Return each entry below word for word, leaving out any image.

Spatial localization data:
◆ ◆ ◆ ◆ ◆

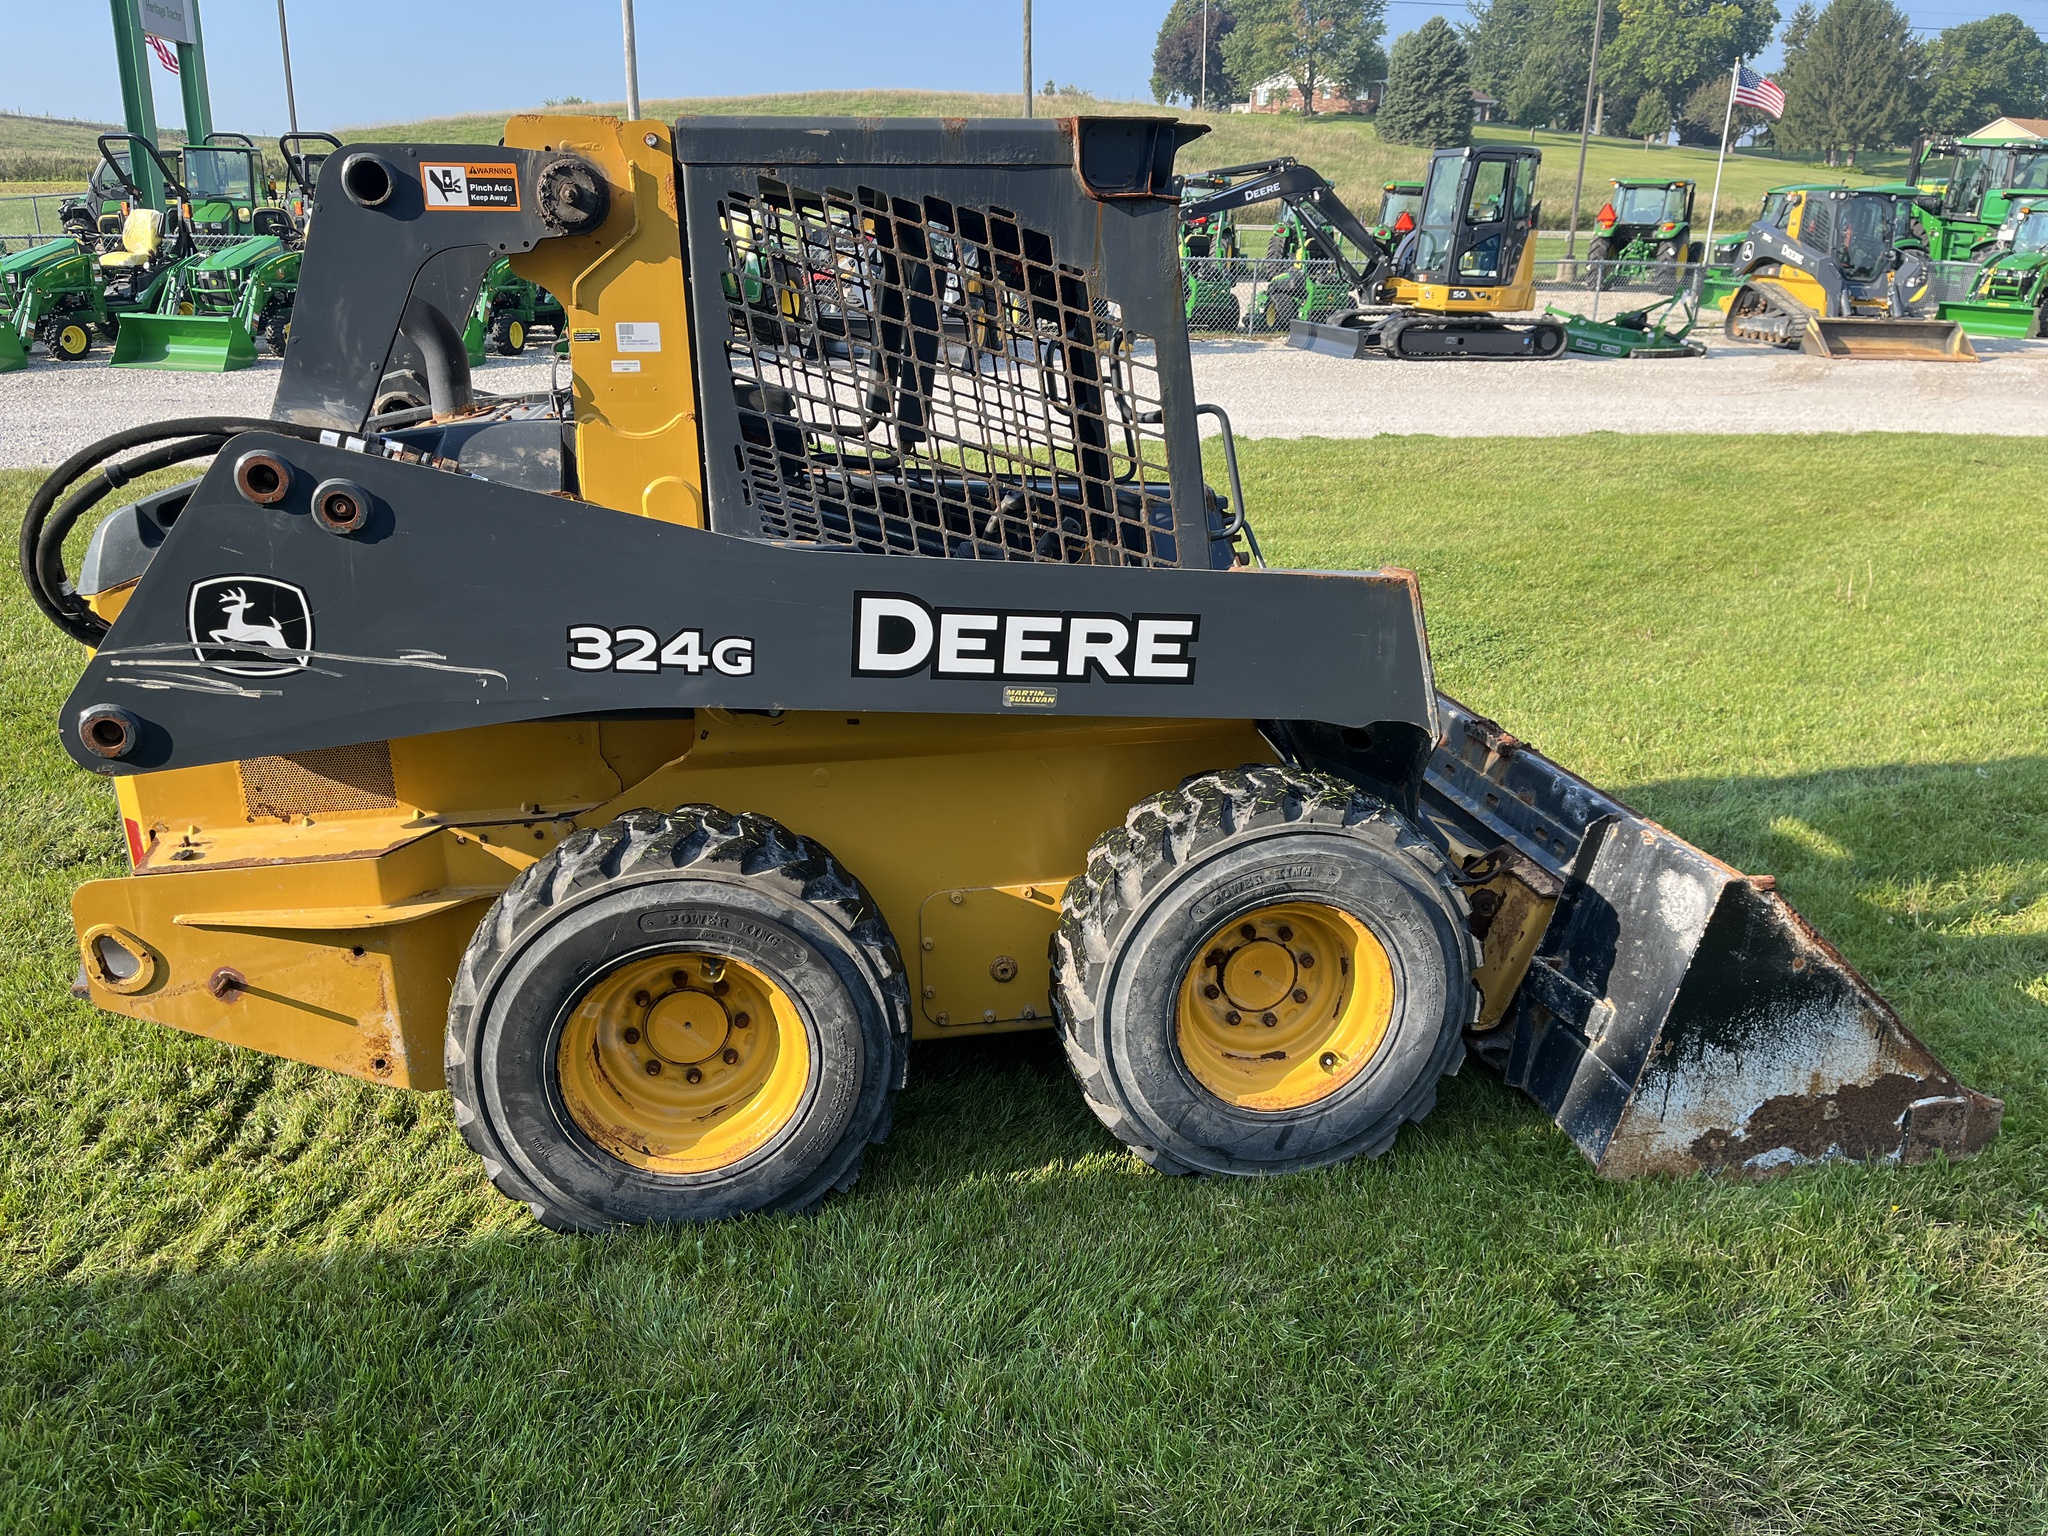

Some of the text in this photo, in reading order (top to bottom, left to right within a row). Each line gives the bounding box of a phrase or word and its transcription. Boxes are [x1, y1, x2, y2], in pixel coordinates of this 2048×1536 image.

[145, 0, 182, 22] Heritage Tractor
[469, 183, 493, 192] Pinch
[1244, 182, 1281, 201] DEERE
[470, 194, 508, 203] Keep Away
[1452, 290, 1467, 298] 50
[856, 594, 1197, 681] DEERE
[568, 625, 753, 676] 324G
[1008, 695, 1055, 704] SULLIVAN
[1212, 875, 1264, 906] POWER
[1274, 866, 1312, 880] KING
[667, 913, 730, 928] POWER
[739, 921, 780, 949] KING

◆ ◆ ◆ ◆ ◆

### Response below
Some of the text in this photo, in reading order (top to bottom, left to right within a row). Each line gives the bounding box of a phrase or word and its transcription. Boxes are [x1, y1, x2, y2], in pixel coordinates of this 2048×1536 image.

[145, 0, 182, 22] Heritage Tractor
[469, 183, 493, 192] Pinch
[1244, 182, 1281, 201] DEERE
[470, 194, 508, 203] Keep Away
[1452, 290, 1467, 298] 50
[856, 594, 1197, 681] DEERE
[568, 625, 753, 676] 324G
[1008, 695, 1055, 704] SULLIVAN
[1212, 875, 1264, 906] POWER
[1274, 866, 1312, 880] KING
[667, 913, 730, 928] POWER
[739, 921, 780, 949] KING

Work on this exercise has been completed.